Il clima dell'Emilia-Romagna è di tipo prevalentemente sub-continentale con inverni piuttosto rigidi ed estati calde. In inverno sono presenti precipitazioni nevose che dalla montagna possono estendersi talvolta fino alla pianura. La parte a nord della via Emilia è situata all'interno della Pianura Padana e ne possiede pienamente le caratteristiche: afa estiva e nebbia abbastanza frequente durante l'inverno dove si raggiungono temperature rigide con giornate di gelo e nebbia che non riesce a dissolversi nemmeno nelle ore centrali del giorno, mantenendo spesso la temperatura prossima allo zero. Durante la notte la temperatura può scivolare al di sotto dello zero e talvolta si sviluppano estese gelate che possono perdurare anche per l'intera giornata. In genere gli episodi di maltempo sono generati dalle perturbazioni di stampo atlantico-mediterraneo o da quelle, più fredde, sospinte da venti di bora; qualche volta soffia anche il Burian, vento di origine artico-russa che riesce a raggiungere questa regione sferzandola con gelide raffiche.
Questi sono caratteri estremi dell'inverno emiliano-romagnolo che comunque per buoni tratti, sotto l'influsso di correnti occidentali e di Scirocco, può anche risultare abbastanza asciutto, mite e soleggiato, specialmente sulle coste e sulla fascia collinare. In estate l'afa la fa da padrona e le temperature sono molto alte, vi sono elevati tassi di umidità, in particolare nelle zone pianeggianti, mentre nelle zone montuose il caldo risulta meno opprimente. Si possono registrare anche diversi giorni consecutivi di caldo e sole intenso, tuttavia durante tale periodo soleggiato si possono sviluppare temporali anche di forte entità. L'autunno è molto gradevole e temperato fino alla metà di novembre; dopo è più fresco, a tratti decisamente freddo, umido e piovoso con nebbie frequenti nelle zone vicine al Po. La primavera rappresenta la stagione di transizione per eccellenza, può risultare fredda o per contro essere un anticipo d'estate, ma nel complesso risulta mite. In complesso la piovosità è concentrata in primavera e in autunno su livelli inferiori rispetto alle regioni a nord del Po: ciò determina un regime idraulico a carattere prevalentemente torrentizio con periodi siccitosi che possono prolungarsi fino ad autunno inoltrato.
L'Emilia Romagna ha fondamentalmente due climi, che poi possono essere divisi in una miriade di microclimi: il padano e il montano.

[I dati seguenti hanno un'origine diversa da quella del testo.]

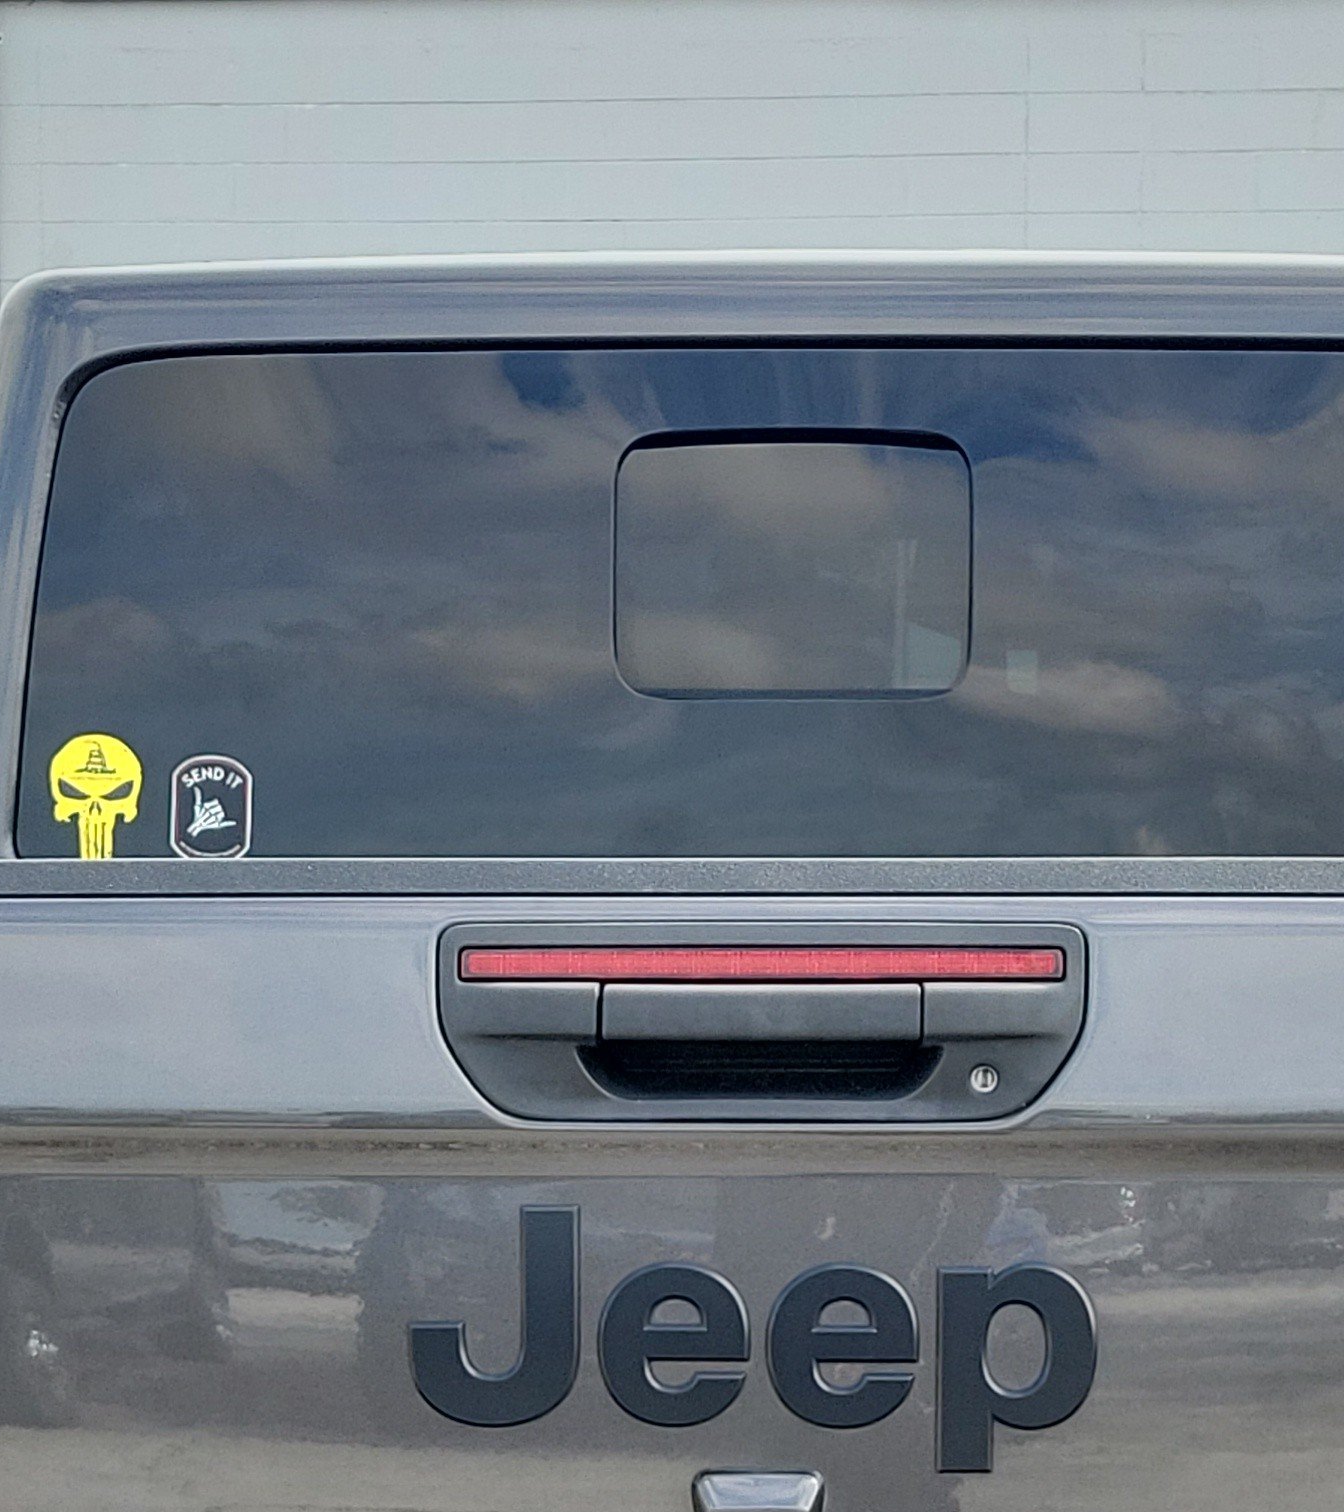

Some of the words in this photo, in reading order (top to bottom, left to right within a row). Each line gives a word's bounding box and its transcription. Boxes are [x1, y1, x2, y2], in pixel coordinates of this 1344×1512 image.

[181, 766, 225, 788] SEND
[225, 771, 243, 789] IT
[408, 1205, 1098, 1474] Jeep
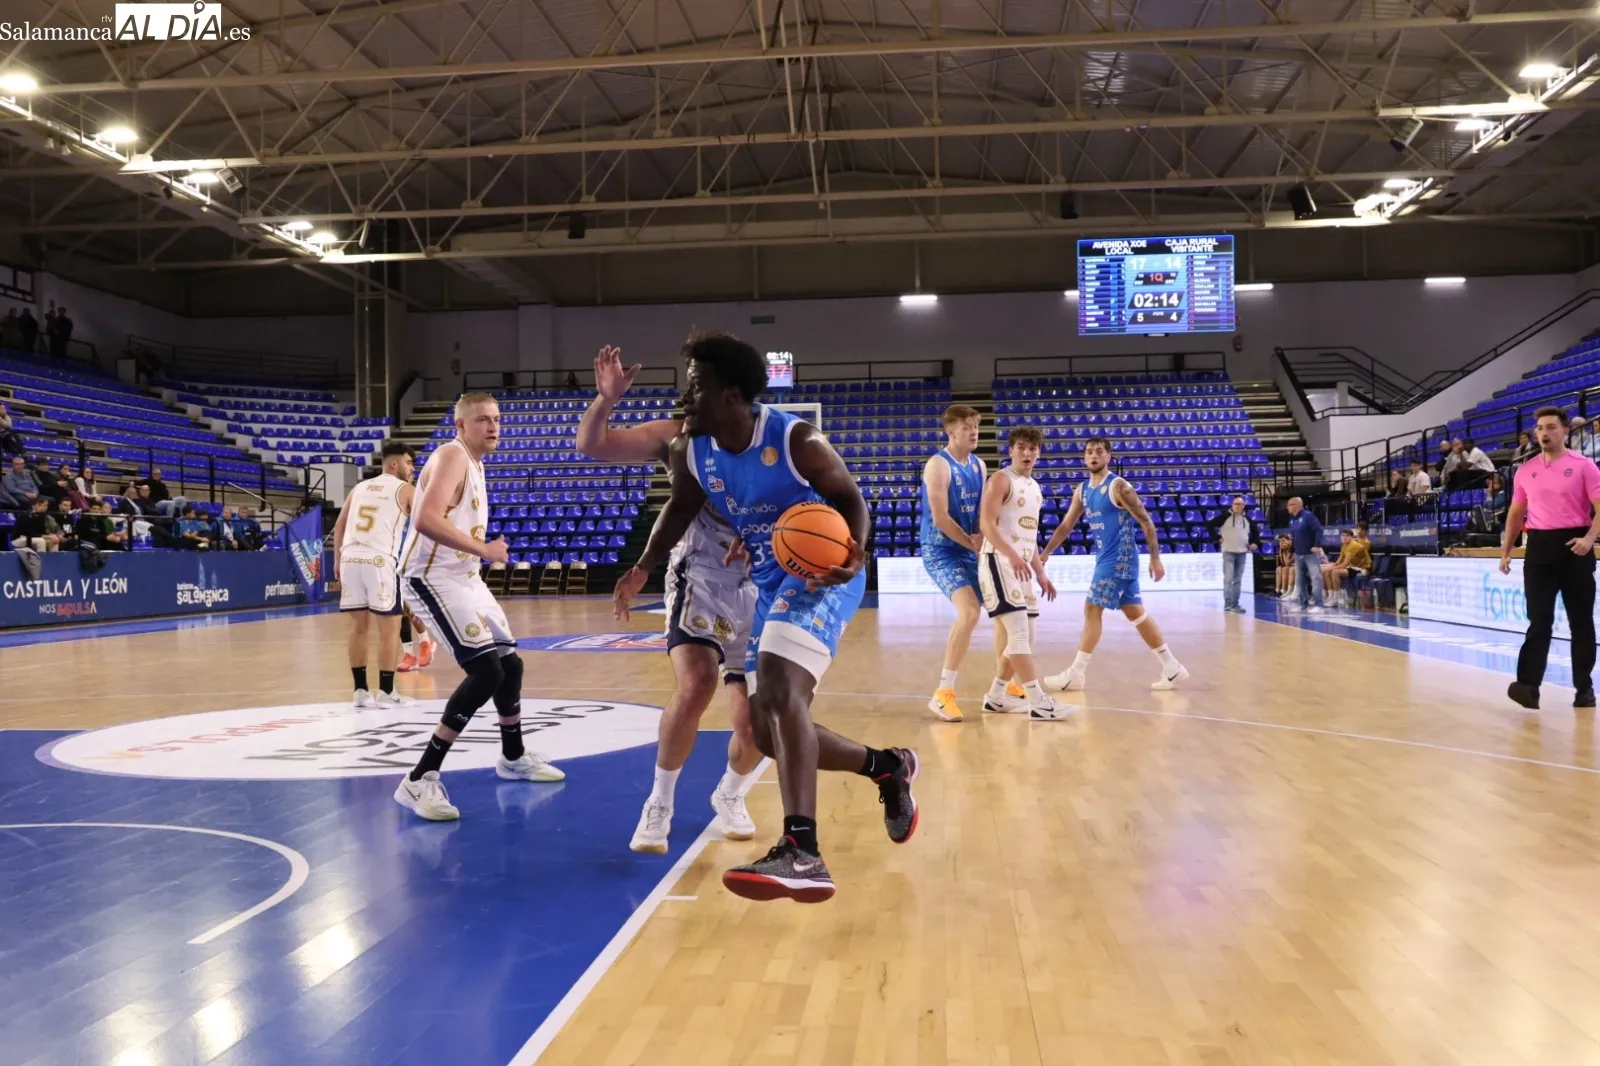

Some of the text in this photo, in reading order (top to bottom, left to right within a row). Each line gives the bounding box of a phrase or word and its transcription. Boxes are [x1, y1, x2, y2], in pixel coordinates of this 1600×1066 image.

Il clima risulta pertanto essere influenzato da tre fattori: il continentale, quello decisamente più presente, quello lieve del Mare Adriatico che mitiga solo le aree prossime alle coste, e quello appenninico. La parte centrale, e in particolare quella a nord della Via Emilia, presenta accentuati caratteri di continentalità. Gli Inverni sono freddi, con precipitazioni talvolta nevose fino in pianura (le medie variano da 15 a 35 cm annui) gelate talvolta estese e temperature massime mantenute basse dalle nebbie persistenti talvolta tutto l'arco del giorno. L'estate, invece, è calda e afosa, con temperature massime che si spingono ben oltre i 35° e minime che talvolta non scendono sotto i 20°. La primavera è piovosa e gradevole da aprile a maggio; anche l'autunno presenta le medesime caratteristiche ed è fresco e gradevole fino a novembre, quando diventa fresco, umido e talvolta freddo.
Il clima della fascia montana è fortemente influenzato dall'altitudine, ma anche dall'esposizione al sole e al vento. Generalmente ha inverni molto più freddi della pianura, con minime costantemente sottozero nei mesi più freddi e temperature minime che possono raggiungere i -15°, -20°. La neve cade da novembre a marzo, ma spesso alcune spolverate sui rilievi più alti avvengono anche in ottobre e in aprile. In un anno cade almento un metro di neve anche a quote inferiori ai 700 mt., che arriva anche a 1,5 m a 800 mt. Ha temperature estive gradevoli, con media delle massime sui 25-28° in luglio, ma punte di 30-35° e minime sui 10-15°. L'estate è in generale breve e l'autunno inizia già a settembre, diventando freddo dopo la metà di ottobre; anche la primavera è breve e fresca, inizia in aprile e termina in giugno. La fascia costiera non ha caratteristiche molto diverse dalla fascia di pianura, in quanto ha inverni comunque freschi (la neve cade quasi ogni anno) e estati calde, ma un po' più miti.